Bella foto, se ne hai altre pubblicale!
Benvenuto in questo forum che, come avrai visto, è frequentato da gente molto preparata.
Ciao
Alberto
(For those who do not speak Italian, for once pls apologize if I say hello in my language to a new member of this very nice forum)


----------



## v2 (Feb 5, 2010)

Yes, really Bella foto ! 

Ciao,
Dominik


----------



## Wayne Little (Feb 6, 2010)




----------



## Saetta66 (Feb 8, 2010)

ME 109 G2 
Regia Aeronautica
365a sq. 150° Gruppo Autonomo Caccia Terrestre
Sciacca Airport, Sicily
1943. before the final defeat.


----------



## Saetta66 (Feb 8, 2010)

A rare colour image of our famous Savoia Marchetti 82 <<Marsupiale>> with Lw insignas.
Not as good (comparing it to the other italian planes ...) as SM 79 "Gobbo maledetto" but a good plane.


----------



## Lucky13 (Feb 8, 2010)

Great pics! Looking forward to more!


----------



## Saetta66 (Feb 8, 2010)

Lucky13 said:


> Great pics! Looking forward to more!



But honestly I have to tell you that the best pic is ... your avatar
Best regards


----------



## Saetta66 (Feb 8, 2010)

Here it is: could be a german aircraft used by the Regia Aeronautica 3° gruppo aut. caccia terrestre in Comiso (Sicily) april 1943 or a plane used by the Aeronautica Nazionale Repubblicana, 2° gruppo caccia in 1944.
Honsetly I don't know.
Both the groups used the emblem Red Devil (but look at the italian flag on the back: could be ANR?)


----------



## Saetta66 (Feb 8, 2010)

the Diavoli Rossi (Red Devils) emblem .
One day I will tel you the birth of these mythical emblem ....


----------



## vikingBerserker (Feb 8, 2010)

Very cool - always loved the Sm.82


----------



## Saetta66 (Feb 10, 2010)

Now I wanna start a simple photografic outlook - with a brief and easy technical support - to the most and less famous italian aircraft in ww2.
Let's start with the oldest biplane of the ww2.
By the late 1930s, most of the world's major air forces were gradually re-equipping with low-wing monoplanes fighters. Fiat still believed that there was a place for the biplane and designed the CR.42, with the prototype making its maiden flight in January 1939. It was instantly ordered into production for the Italian air force. With a number of export orders following, some 1784 had been built by 1943. 
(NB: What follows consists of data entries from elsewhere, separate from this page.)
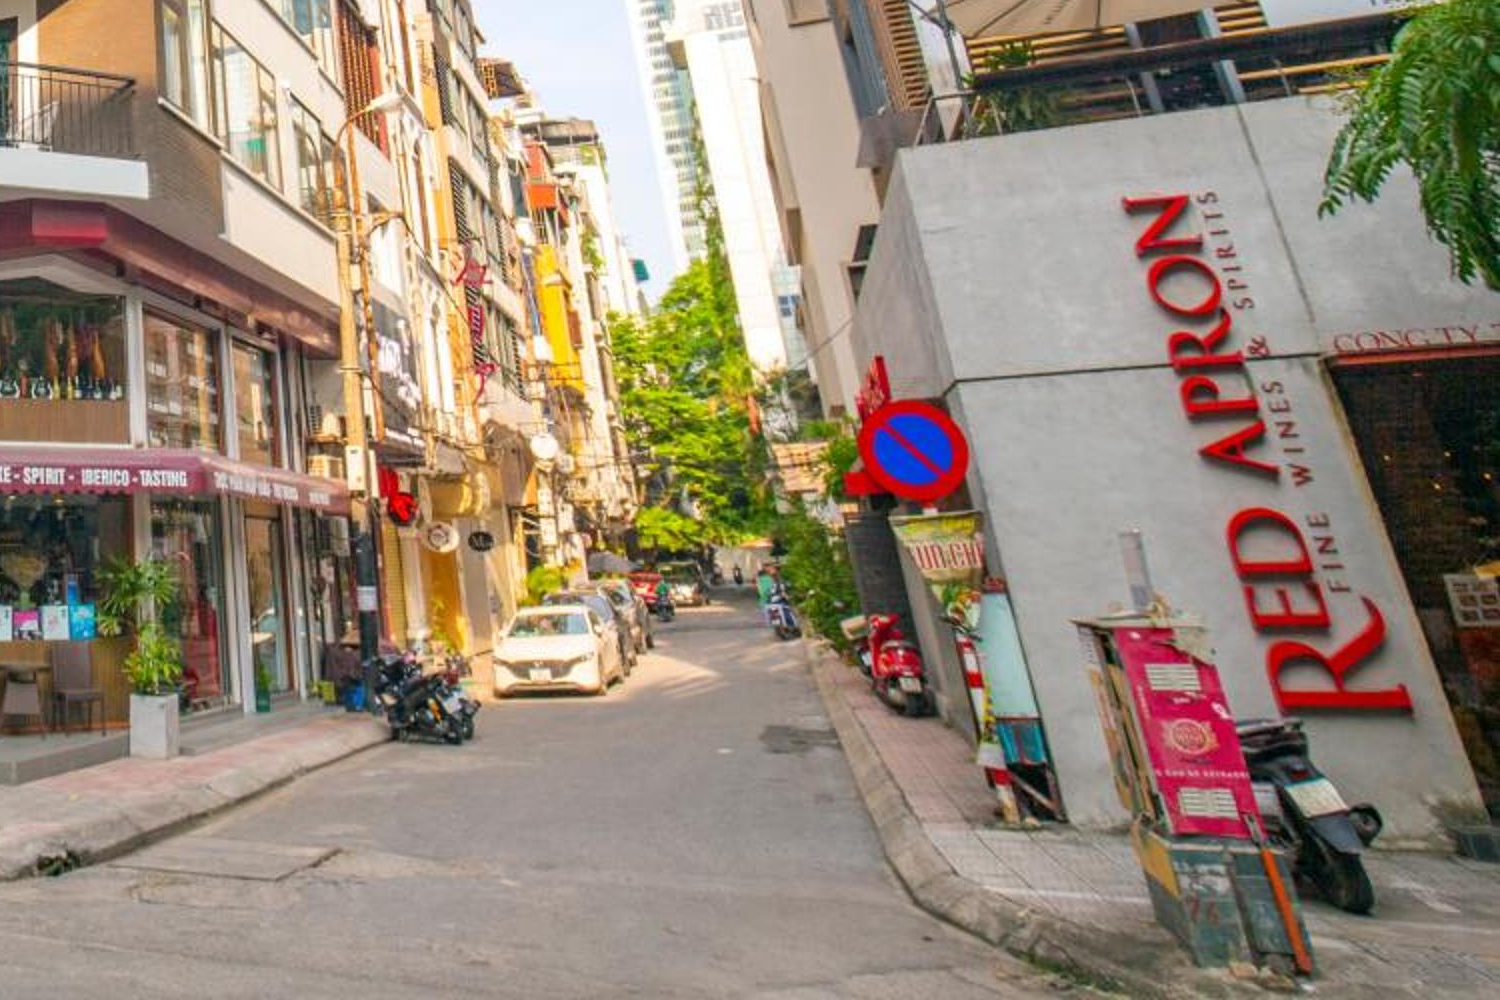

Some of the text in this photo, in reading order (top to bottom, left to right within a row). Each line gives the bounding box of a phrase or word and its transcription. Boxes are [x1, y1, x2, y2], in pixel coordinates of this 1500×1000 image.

[23, 467, 66, 485] SPIRIT
[81, 468, 129, 486] IBERICO
[139, 470, 188, 487] TASTING
[1123, 194, 1414, 714] RED APRON
[1197, 191, 1352, 594] FINE WINES & SPIRITS
In service with the Regia Aeronautica, CR.42 were used as day fighters and escort fighters in the Mediterranean theatre and as night fighters for home defence. 
They were used like assault planes too with wing attached bombs og 50 or 100 kgs.

By 1942, Fiat had managed to raise the top speed tp 518 km/h (322 mph) but the design still fell short in other respects. Biplane fighter production was at an end. 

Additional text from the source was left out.